Las perturbaciones causadas por el clima están teniendo profundos impactos en los ecosistemas costeros, con muchas especies cruciales formadoras de hábitats en fuerte declive. Sin embargo, entre estos biomas degradados, están apareciendo ejemplos de resiliencia, unas recuperaciones que describen en BioScience Jennifer O'Leary, bióloga marina de California Sea Grant, en la Universidad Politécnica del Estado, en Estados Unidos, y sus colegas.

Para obtener información sobre los hábitats costeros afectados, los autores encuestaron a 97 expertos marinos acerca de sus observaciones de alteraciones inducidas por el clima, incluyendo tormentas extremas, cambios de temperatura y acidificación de los océanos. El 80% de los que habían sido testigos de climas extremos también identificaron evidencia de resistencia del hábitat o recuperación rápida.

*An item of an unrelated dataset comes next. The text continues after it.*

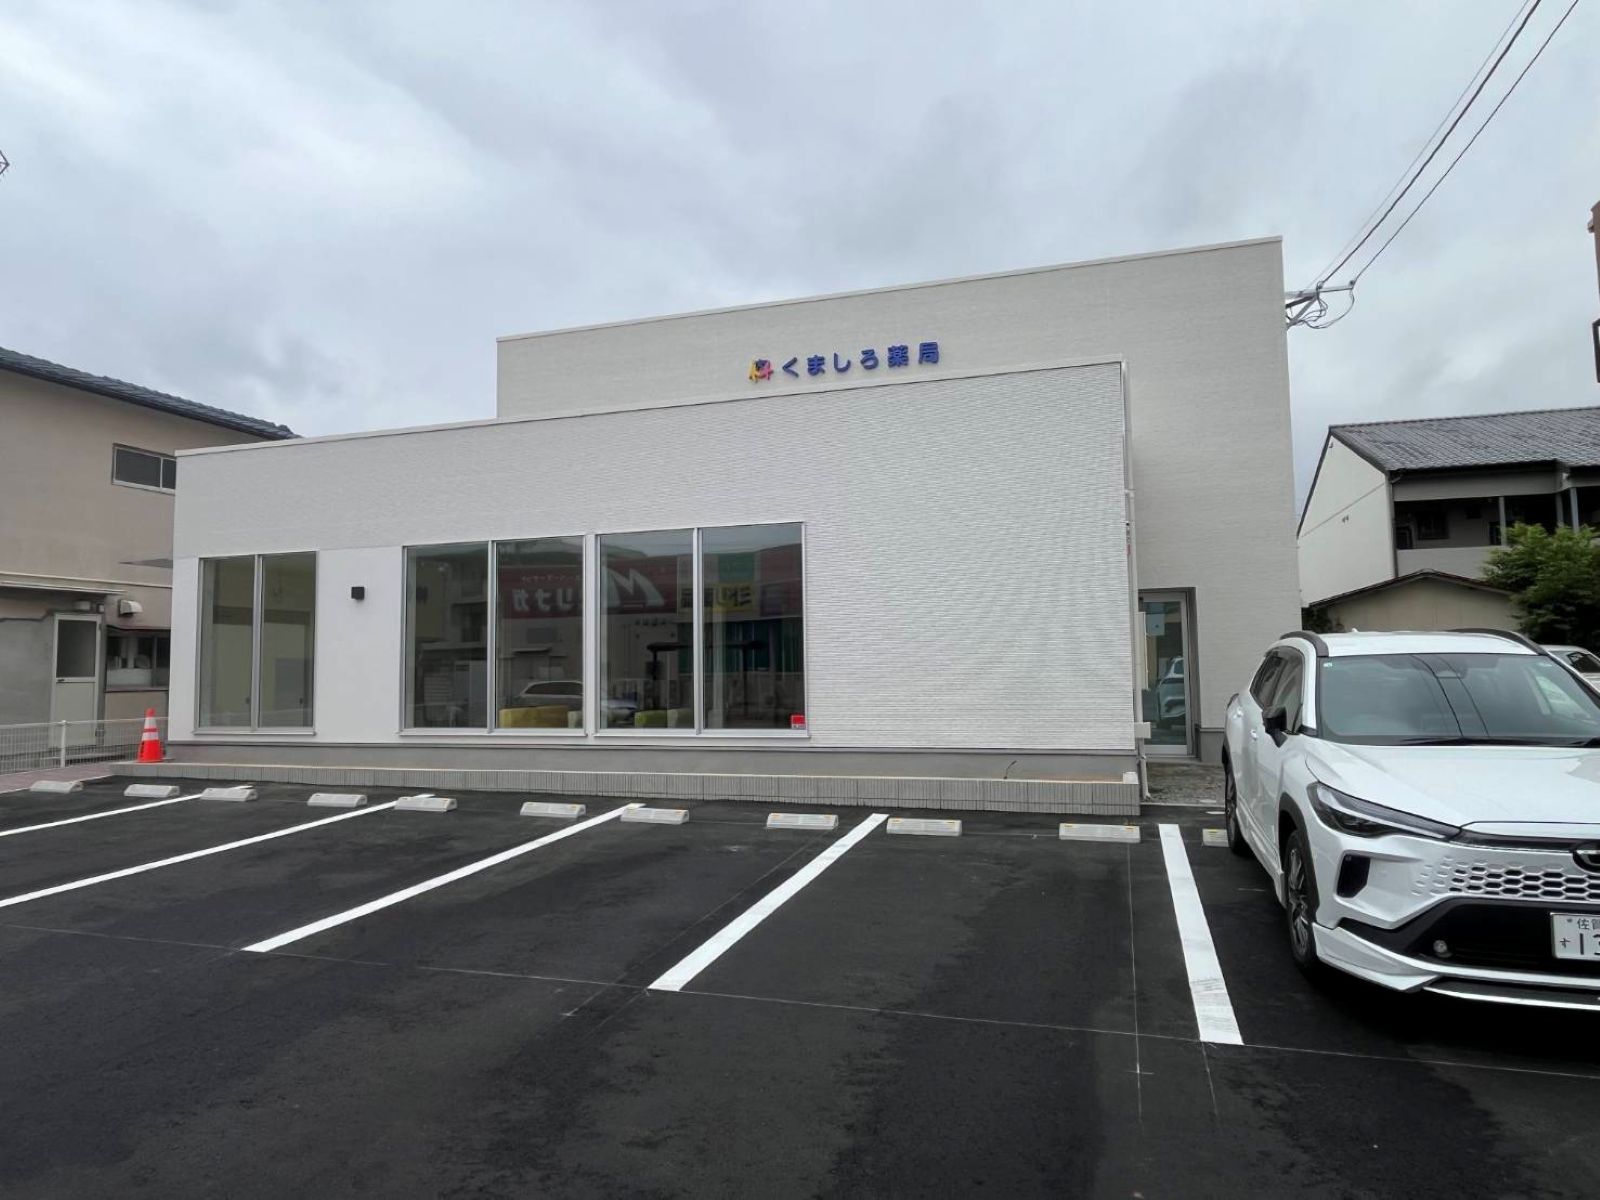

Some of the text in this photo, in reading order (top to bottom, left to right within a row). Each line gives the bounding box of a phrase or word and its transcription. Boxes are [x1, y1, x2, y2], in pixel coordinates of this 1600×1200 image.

[782, 341, 939, 378] くましろ薬局

A pesar de llegar a un bajo nivel de sólo un 9% de área no blanqueada, la superficie sana del arrecife se recuperó hasta el 44% en 12 años

En algunos casos, la resiliencia –capacidad los ecosistemas para absorber perturbaciones, sin alterar significativamente su estructura y funcionalidad, pudiendo regresar a su estado original– estuvo marcada por recuperaciones sorprendentes. En un evento de blanqueamiento en Australia Occidental, se perdió hasta el 90% de los corales vivos como consecuencia de un severo blanqueamiento. A pesar de llegar a un bajo nivel de sólo un 9% de área no blanqueada, la superficie sana del arrecife se recuperó hasta el 44% en 12 años.

Según la encuesta de los expertos, los factores que permitían la resiliencia eran variados, pero las áreas de hábitat remanentes y la alta conectividad fueron los contribuyentes más citados. También se consideraron importantes las prácticas de gestión racional, en particular el control de factores de estrés humanos adicionales.

 

Una visión optimista

 

Los autores esperan que al dilucidar las causas de la resiliencia se puedan "descubrir condiciones y procesos locales que permitan a los ecosistemas mantener su estructura y función y continuar proporcionando servicios a los humanos". Sostienen que si las áreas marinas protegidas "están espaciadas apropiadamente en función de la producción reproductiva y el potencial de dispersión de las especies", puede ser posible mitigar el daño causado por eventos de perturbación climática.

No obstante, O'Leary y sus colegas advierten de que los puntos fuertes locales "no contradicen la abrumadora evidencia de que los impactos climáticos son importantes factores estresantes para los ecosistemas costeros", pero añaden que proporcionan "optimismo sobre que la posibilidad de identificar y manejar condiciones que faciliten la resiliencia al estrés climático".